→ **MATERIAL SUPPLIED**
Content starts
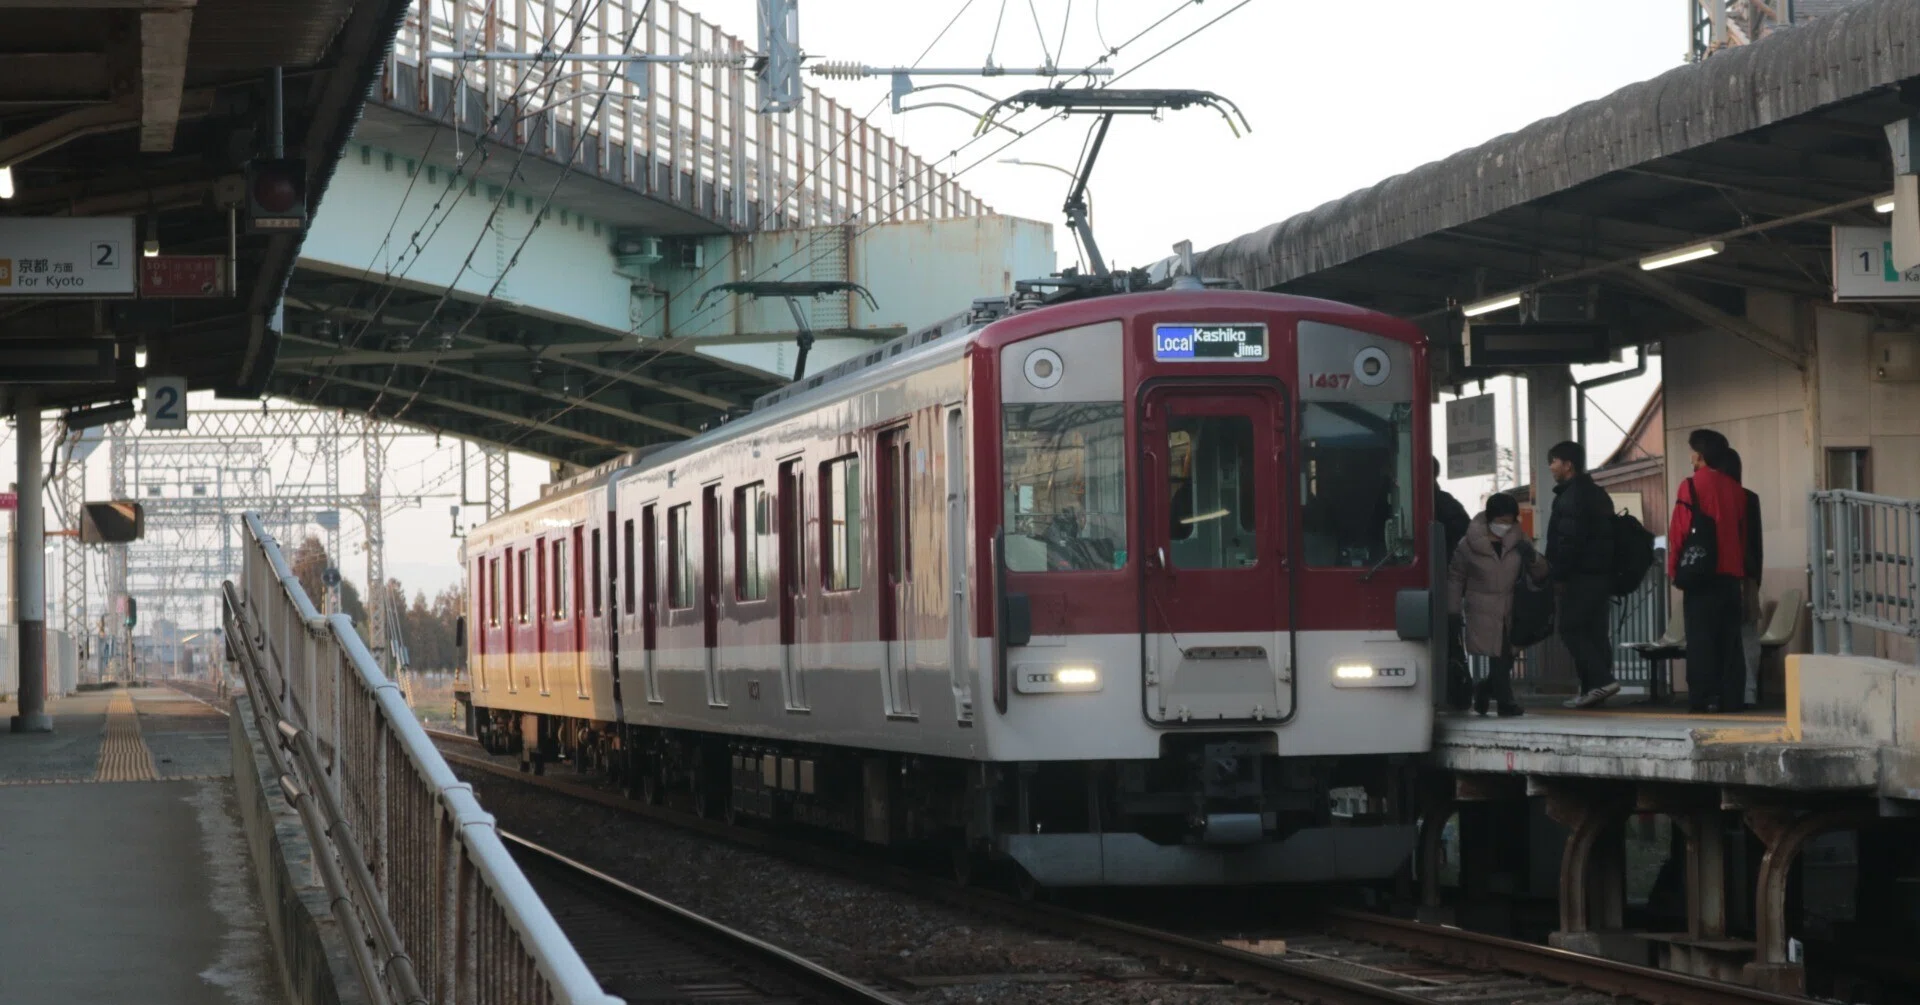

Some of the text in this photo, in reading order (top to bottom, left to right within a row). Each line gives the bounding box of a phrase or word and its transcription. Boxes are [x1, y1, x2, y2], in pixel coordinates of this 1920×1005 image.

[97, 244, 113, 266] 2
[1860, 251, 1869, 272] 1
[18, 258, 73, 273] 京都 方面
[18, 276, 84, 289] For Kyoto
[1157, 334, 1193, 351] Local
[1194, 328, 1246, 342] Kashiko
[1234, 342, 1262, 358] jima
[1309, 373, 1350, 388] 1437
[155, 386, 178, 420] 2
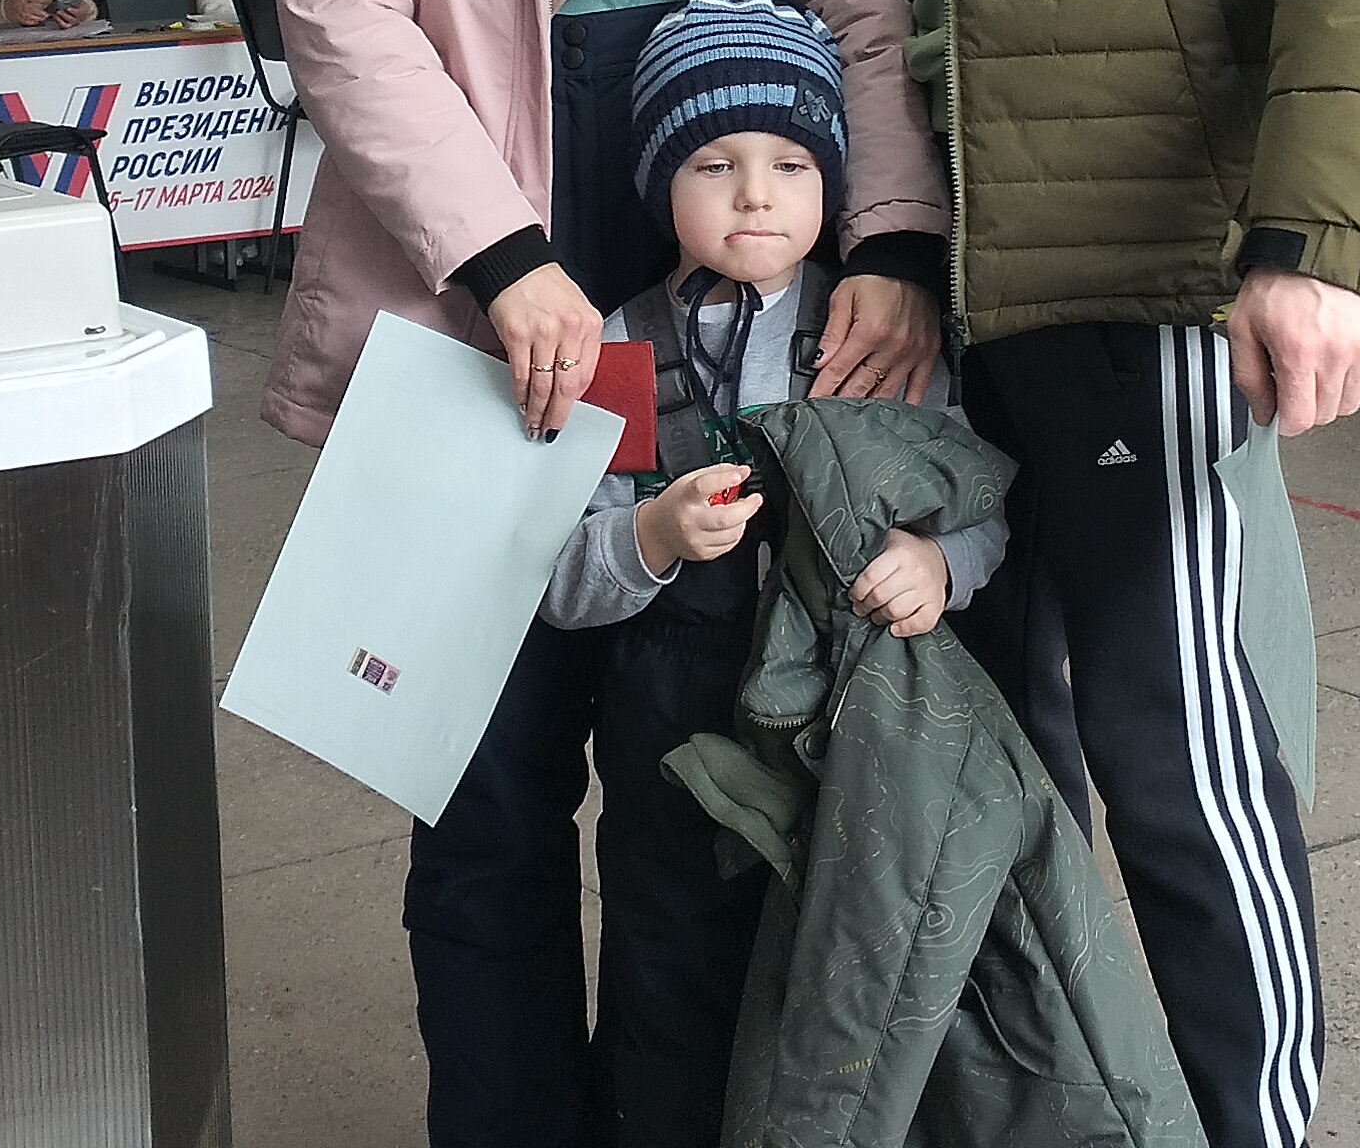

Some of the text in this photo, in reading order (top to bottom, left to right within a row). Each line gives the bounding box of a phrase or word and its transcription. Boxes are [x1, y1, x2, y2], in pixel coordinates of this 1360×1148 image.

[134, 72, 258, 108] ВЫБОРЫ
[108, 146, 223, 182] РОССИИ
[156, 180, 225, 209] МАРТА
[228, 175, 276, 201] 2024
[1097, 454, 1138, 466] adidas
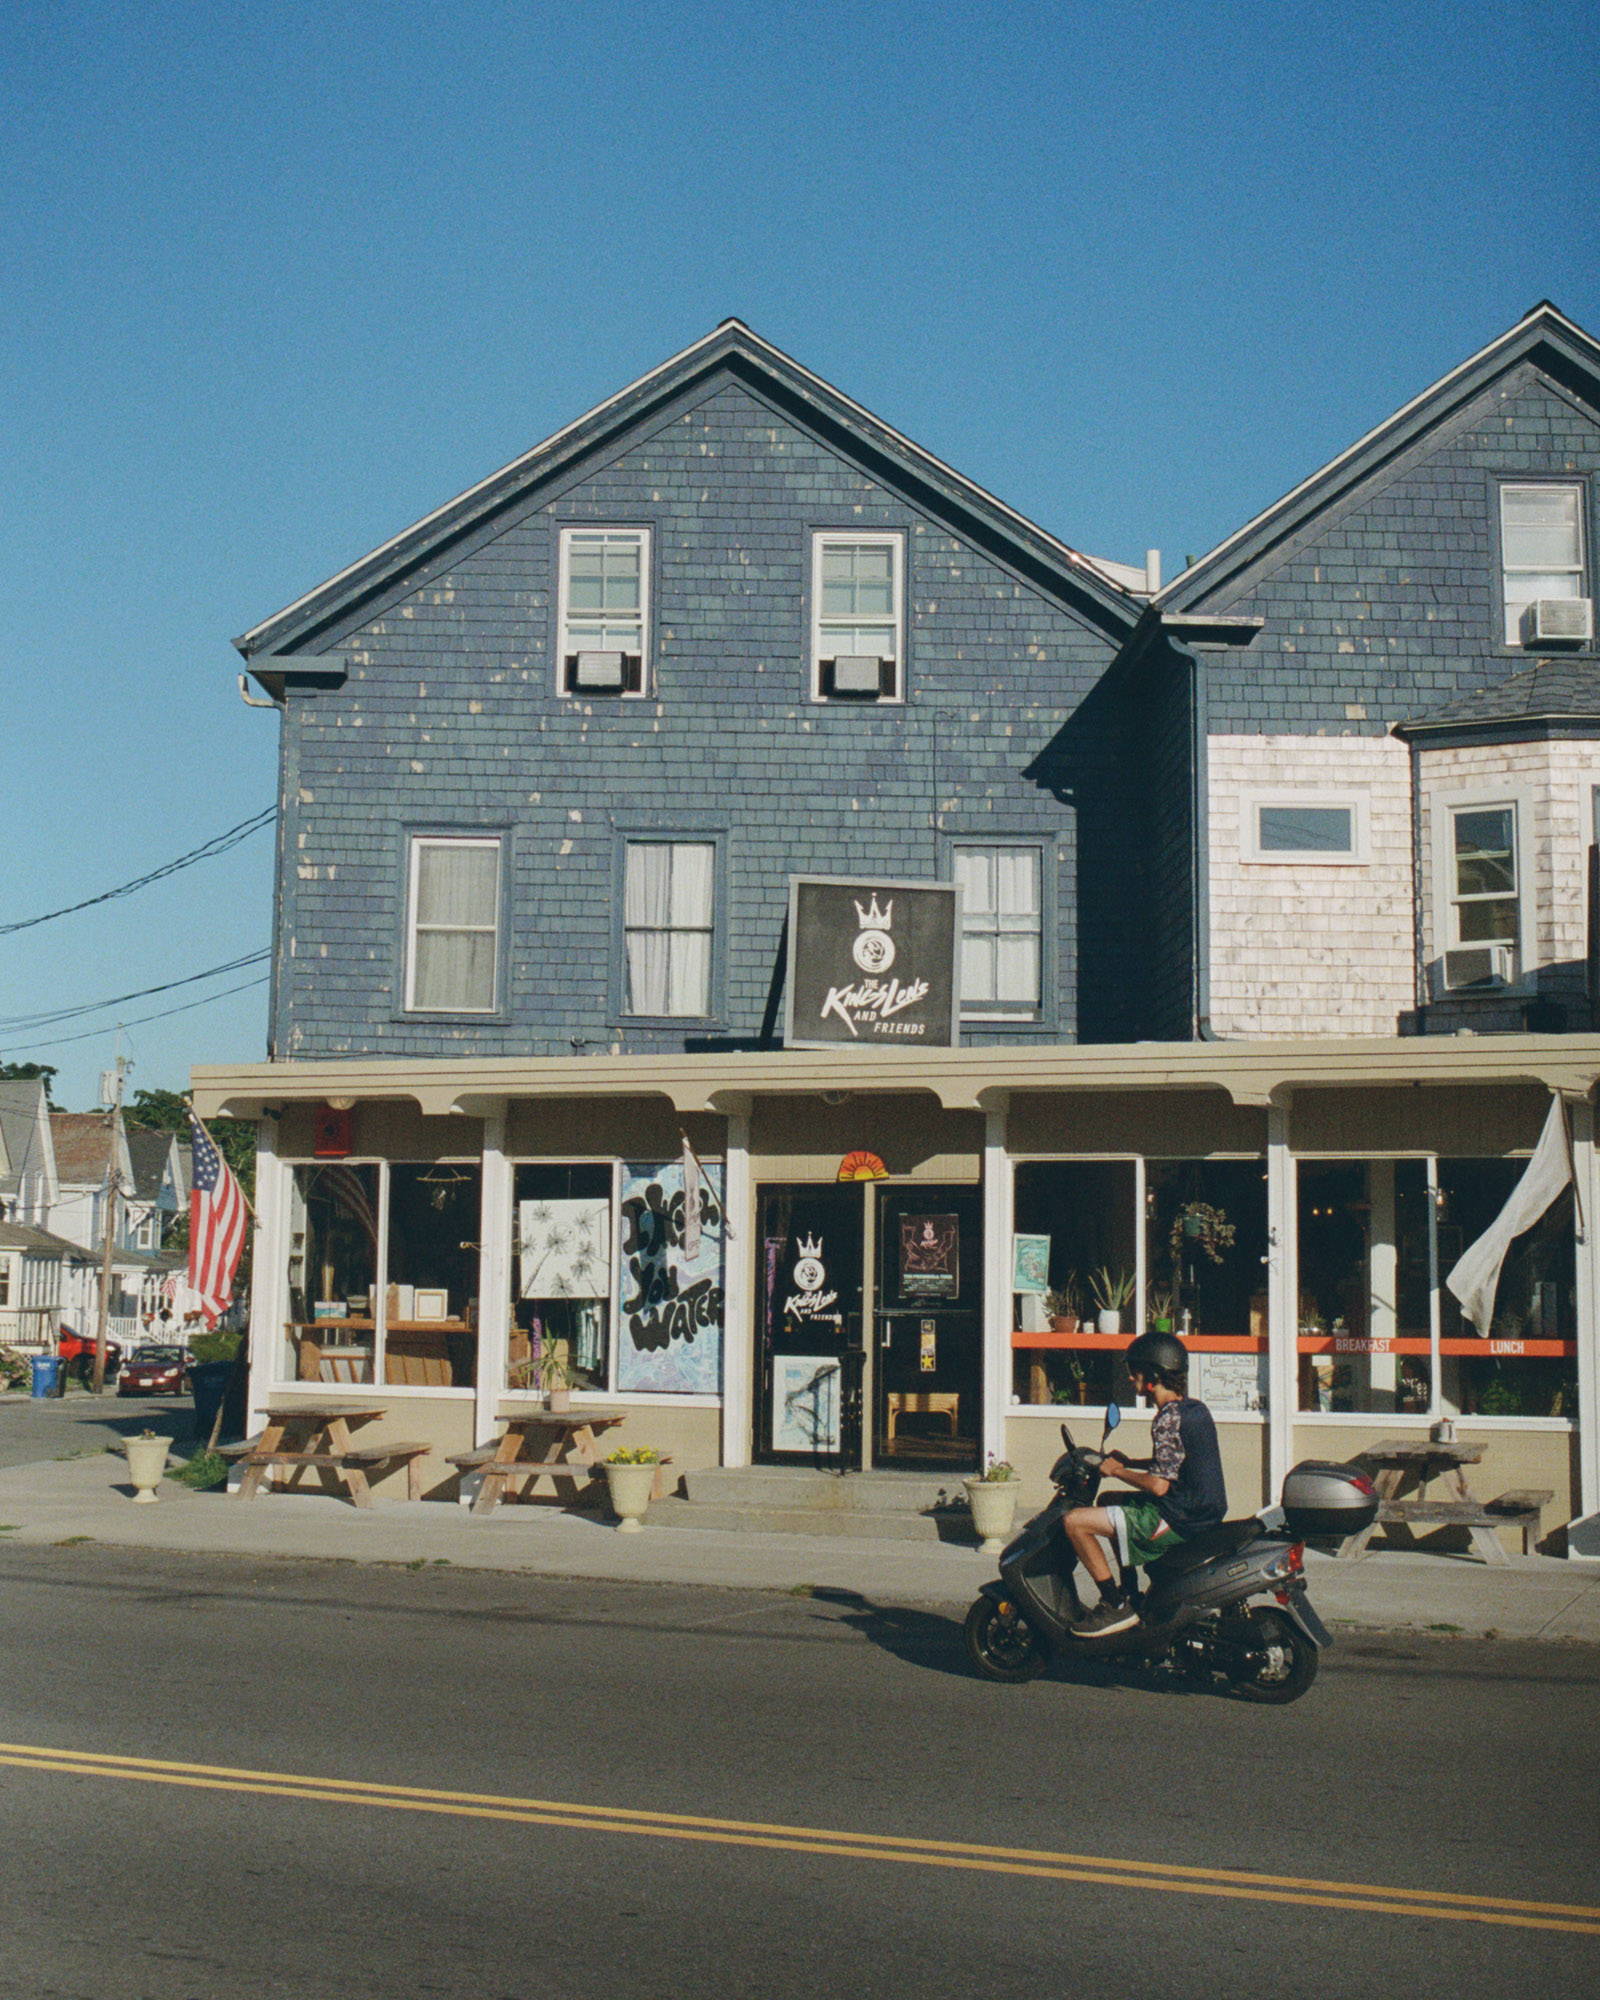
Content ends
→ **ACTION ITEM**
Once the line containing "this 1360×1148 image." is found, it and every line through the end of the records above should be output exactly, with no pictures.

→ **TASK OUTPUT**
Some of the text in this photo, in reading order (top to bottom, left to right within a row). Each line gives the bounding box of a phrase or word and its transcription. Boxes are [x1, y1, x2, y2], in pixel coordinates of this 1360×1148 image.

[134, 72, 258, 108] ВЫБОРЫ
[108, 146, 223, 182] РОССИИ
[156, 180, 225, 209] МАРТА
[228, 175, 276, 201] 2024
[1097, 454, 1138, 466] adidas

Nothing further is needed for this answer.